I did some errands to pick up some stuff that I still need and came here to my boyfriend's house to chill out, since there's nothing else for me to do. I was hoping that I'd be alone so that I wouldn't be fed anything, and so that I could just have some quiet time to myself. But his mom's here and is offering me half of a italian sub. I might accept because I'm not planning on eating dinner anyway, probably just another apple. But it still bothers me because I feel like someone is making me eat.

Oh yah.....I got back up to 114. Fuck cinnamon spice crumb cake, all forms of bread, and candy. I was down to 108 and gained 7 lbs back. Gross. I can just feel all of it on me. But I'm determined to get back to 108 pretty quickly. And I've decided that once I hit 105, I'll let myself get a tattoo. I've been absolutely itching to get the OM tattooed on the back of my neck. And if I only allow myself to get it once I hit 105, I can totally reach that goal.

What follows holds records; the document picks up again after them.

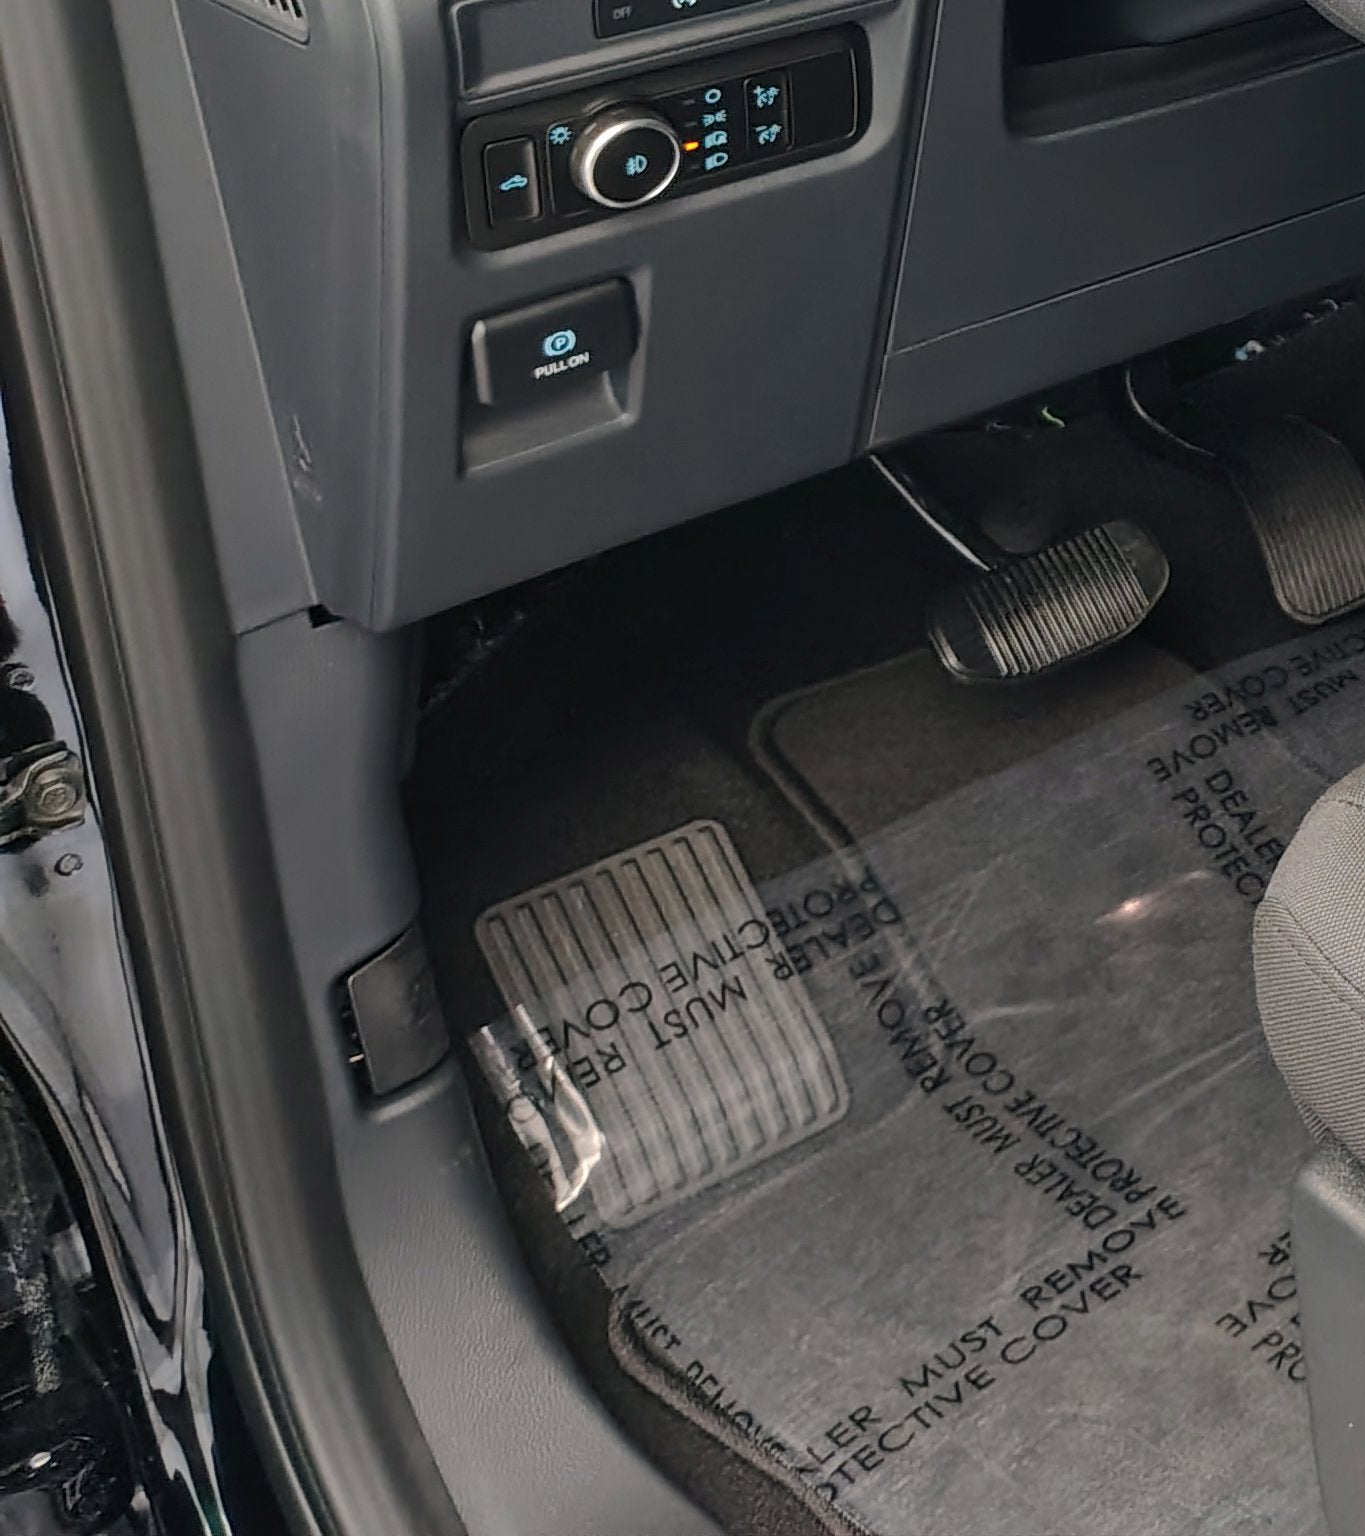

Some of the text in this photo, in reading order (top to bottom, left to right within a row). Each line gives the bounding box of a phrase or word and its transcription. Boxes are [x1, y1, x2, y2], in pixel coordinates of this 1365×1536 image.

[612, 5, 633, 21] OFF
[533, 351, 590, 380] PULL ON
[1185, 664, 1290, 723] COVER
[1288, 667, 1361, 716] MUST
[1146, 704, 1279, 783] REMOVE
[660, 865, 880, 993] PROTECTIVE
[764, 896, 901, 982] DEALER
[649, 973, 749, 1052] MUST
[848, 950, 1120, 1232] DEALER MUST REMOVE
[924, 997, 1159, 1205] PROTECTIVE COVER
[899, 1314, 1006, 1400] MUST
[1018, 1192, 1191, 1311] REMOVE
[999, 1260, 1146, 1367] COVER

Other than that not much is happening. Everyone else is coming tomorrow and then to real onloading of all the food and whatnot starts. Thankfully, I won't have to do to much since my job is just to take pictures :D Yay, no cold and snow for me!!!

I have no internet on the ship which is awful, even tied up next to the school. And once we leave I really won't have any internet. I feel a bit lost knowing that I can't write on here and that I won't be able to follow all of you girls!! I don't know what I'm going to do with myself. I really will miss all of you and reading about you're lives [as creepy as that sounds lol].
Good luck with everything while I'm gone, stay strong, think thin, we will all be beautiful!!!
Feel free to do ABC with me, even though I won't be able to update, it'd be nice to know that someone else is doing it too!!